The construction of \({\varvec{N}}_{0}\) and \({\varvec{M}}_{0}\) proceeds by estimating the error rates vector \({\varvec{p}}\) associated with the Pauli Channel based on the assumption in Eq. 1 for the average behavior of the noisy quantum device at hand using the EL protocol. The protocol proceeds by constructing K random identity circuits of depth \(m \in T\)23,39. Each circuit is constructed by initializing the qubits to the all-zeros state \({|{{\varvec{0}}}\rangle }\) followed by choosing a random sequence \(s \in S_{m}\), the set of all length m sequences of one-qubit Clifford gates applied independently on each qubit, followed by an inverse gate for the chosen sequence to ensure an identity circuit. It then estimates the resulting empirical probability distribution \(\hat{{\varvec{q}}}(m,{|{{\varvec{0}}}\rangle })\) by averaging over all the empirical probability distributions \(\hat{{\varvec{q}}}(m,s,{|{{\varvec{0}}}\rangle })\) for the constructed random identity circuits of depth m, that is,

$$\begin{aligned} \hat{{\varvec{q}}}(m,{|{{\varvec{0}}}\rangle })= \frac{1}{K}\sum \hat{{\varvec{q}}}(m,s,{|{{\varvec{0}}}\rangle }) \end{aligned}$$
(7)

\(\hat{{\varvec{q}}}(m,{|{{\varvec{0}}}\rangle })\) is a vector with \(2^n\) entries each corresponding to the possible observed outcome. A Walsh–Hadamard transform is then applied on each \(\hat{{\varvec{q}}}(m,{|{{\varvec{0}}}\rangle })\) to obtain

$$\begin{aligned} {\varvec{\Lambda }}(m)={\varvec{W}}\hat{{\varvec{q}}}(m,{|{{\varvec{0}})}\rangle } \end{aligned}$$
(8)

Each parameter \(\Lambda _{i}(m)\) in \({\varvec{\Lambda }}(m)\) is fitted to the model

$$\begin{aligned} \Lambda _{i}(m)=A_{i}\lambda _{i}^{m} \end{aligned}$$
(9)

where \(A_i\) is a constant that absorbs SPAM errors and the vector \({\varvec{\lambda }}\) of all fitted parameters \(\lambda _i\) is a SPAM-free estimate to the eigenvalues of the Pauli Channel defined in Eq. 2. Notice that we can rewrite Eq. 9 as

$$\begin{aligned} {\varvec{\Lambda }}(m)={\varvec{A\lambda }}^{m} \end{aligned}$$
(10)

where \({\varvec{A}}\) is a diagonal matrix where the diagonal entries are \(A_i\) and \({\varvec{\lambda }}^m\) is an element-wise exponentiation of a vector. An inverse Walsh–Hadamard Transform is then applied on \({\varvec{\lambda }}\) to get the error rate vector \({\varvec{p}}\) of the Pauli Channel as

$$\begin{aligned} {\varvec{p}}={\varvec{W}}^{-1}{\varvec{\lambda }} \end{aligned}$$
(11)

\({\varvec{p}}\) is then projected onto a probability simplex to ensure \(\sum _{i}p_i=1\). Introducing the GRF model by the EL protocol allows the scalability of estimating \({\varvec{p}}\) with the increase in the number of qubits. The GRF model assumes the noise correlations are bounded between a number of neighboring qubits depending on the architecture of the quantum computer at hand. Thus, decreasing the number of noise correlations to be estimated.

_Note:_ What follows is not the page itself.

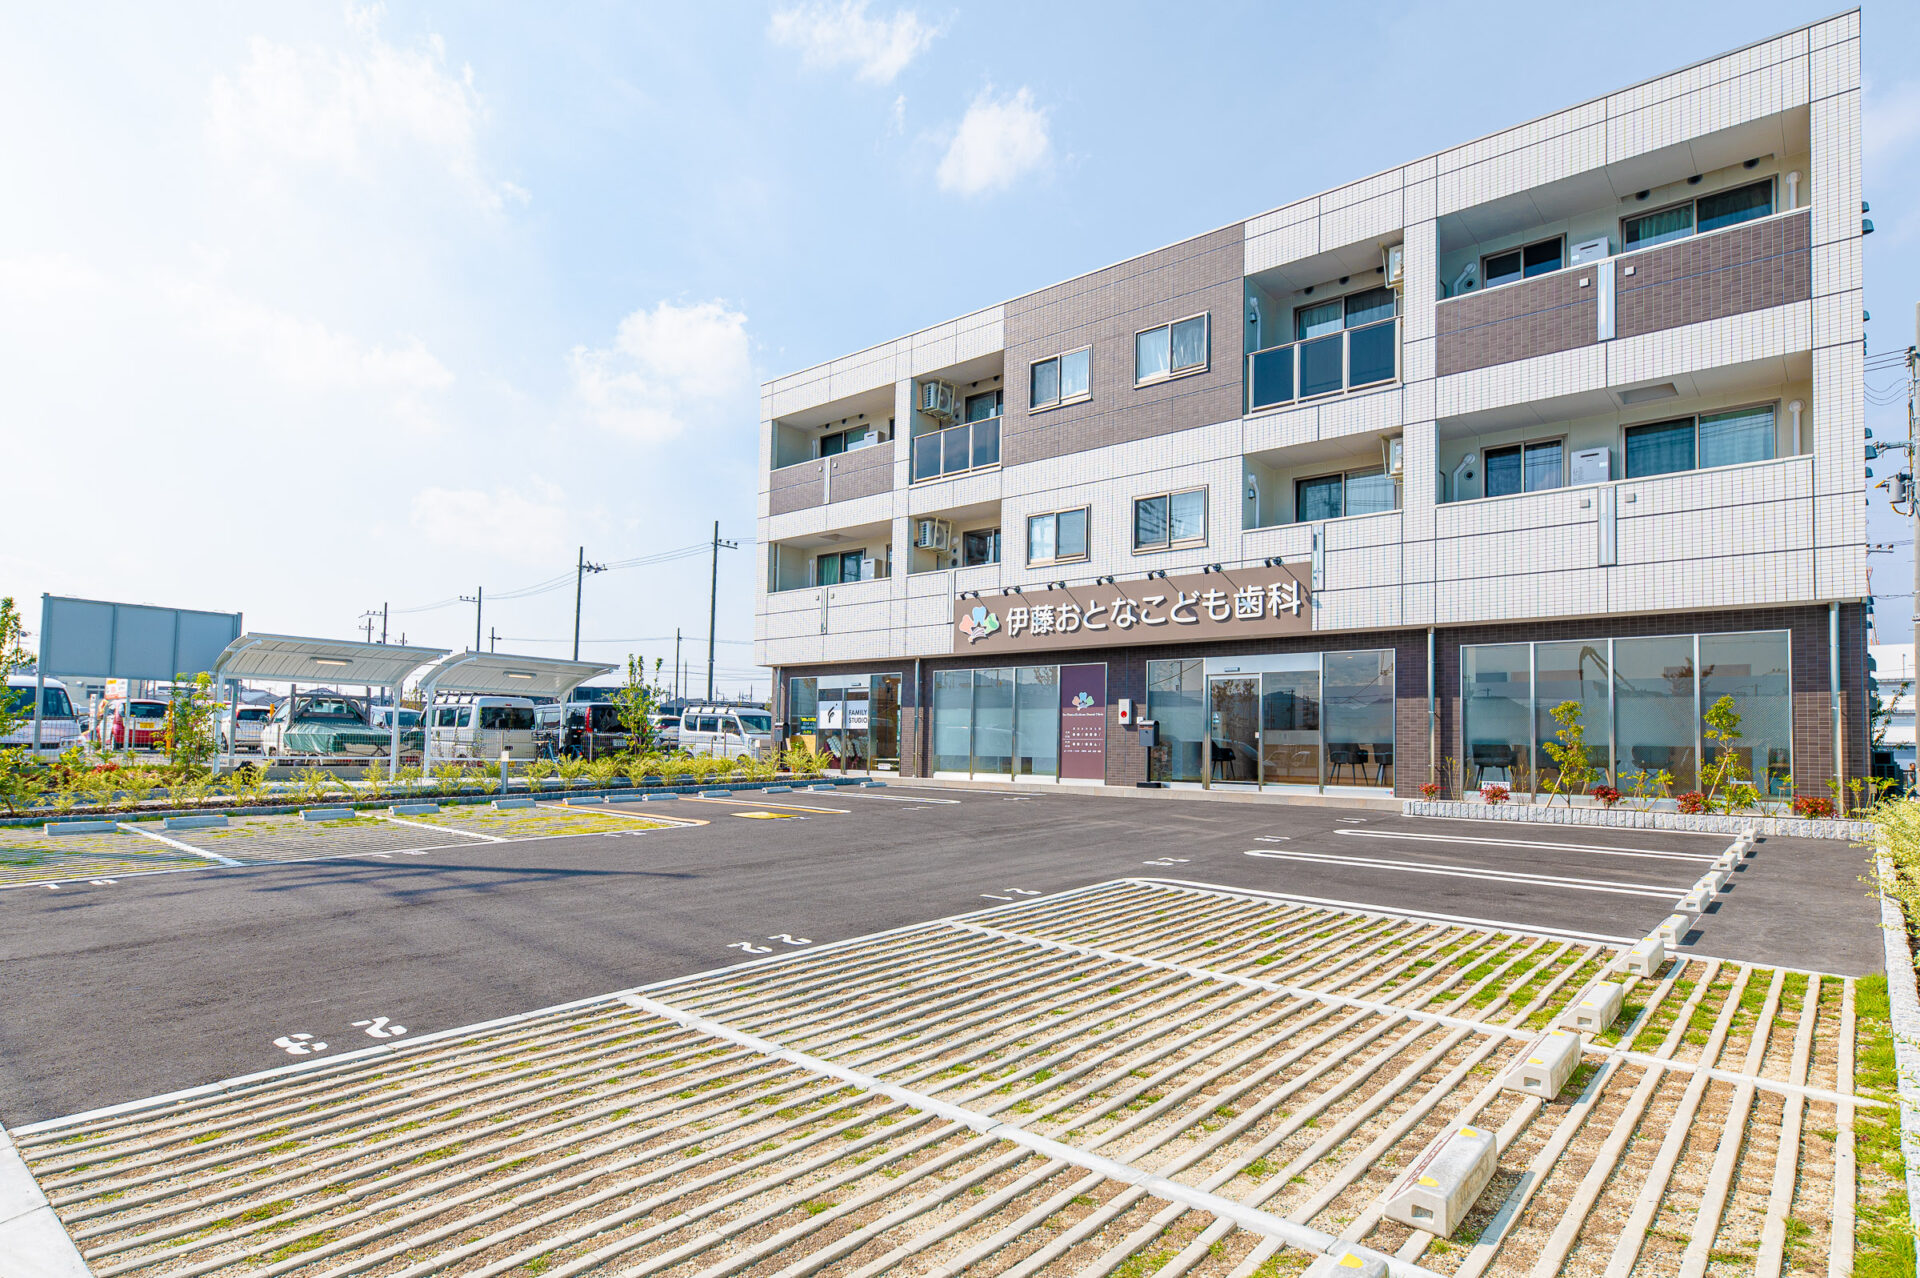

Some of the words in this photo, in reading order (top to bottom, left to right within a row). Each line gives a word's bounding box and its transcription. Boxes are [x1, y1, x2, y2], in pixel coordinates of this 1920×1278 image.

[1005, 580, 1301, 636] 伊藤おとなこども歯科
[726, 933, 813, 954] 22
[272, 1015, 408, 1055] 23

The final outcome \({\varvec{p}}\) of the EL protocol represents the SPAM-free probability distribution of the average noise in the quantum computer. Each element \(p_i \in {\varvec{p}}\) corresponds to the probability of an error of the form binary(i) on an input state \({|{{\varvec{0}}}\rangle }\). For example, for a 5-qubit quantum computer, \(p_0\) corresponds to the probability of no bit flips on the input state, i.e., error of the form IIIII, \(p_1\) to the error of the form IIIIX, \(p_2\) to the error of the form IIIXI, etc...

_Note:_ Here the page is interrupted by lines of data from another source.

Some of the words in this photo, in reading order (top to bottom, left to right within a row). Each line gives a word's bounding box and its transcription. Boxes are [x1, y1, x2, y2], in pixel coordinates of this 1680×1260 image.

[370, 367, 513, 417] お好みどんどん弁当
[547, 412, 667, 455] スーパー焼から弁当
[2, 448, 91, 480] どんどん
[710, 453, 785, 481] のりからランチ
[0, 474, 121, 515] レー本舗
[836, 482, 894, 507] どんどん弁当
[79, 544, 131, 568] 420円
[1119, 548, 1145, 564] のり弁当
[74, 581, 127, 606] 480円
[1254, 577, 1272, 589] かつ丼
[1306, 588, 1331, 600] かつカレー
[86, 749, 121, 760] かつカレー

In order to proceed with the proof for our proposed decomposition of Eq. (6) for input state \({|{{\varvec{0}}}\rangle }\), we first state the following lemma (the detailed proof of the lemma can be found Section I in the supplementary):

Lemma 1

Let \({\varvec{\lambda }}\) and \({\varvec{p}}\) be the respective eigenvalues and error rates of a Pauli Channel with n qubits, then \({\varvec{\lambda }}^m={\varvec{WM}}^m{|{{\varvec{0}}}\rangle }\) where \({\varvec{M}}\) is a \(2^n \times 2^n\) matrix such that \(M_{ij}=p_{i\oplus j}\) (\(i \oplus j\) is the bitwise exclusive-OR operator).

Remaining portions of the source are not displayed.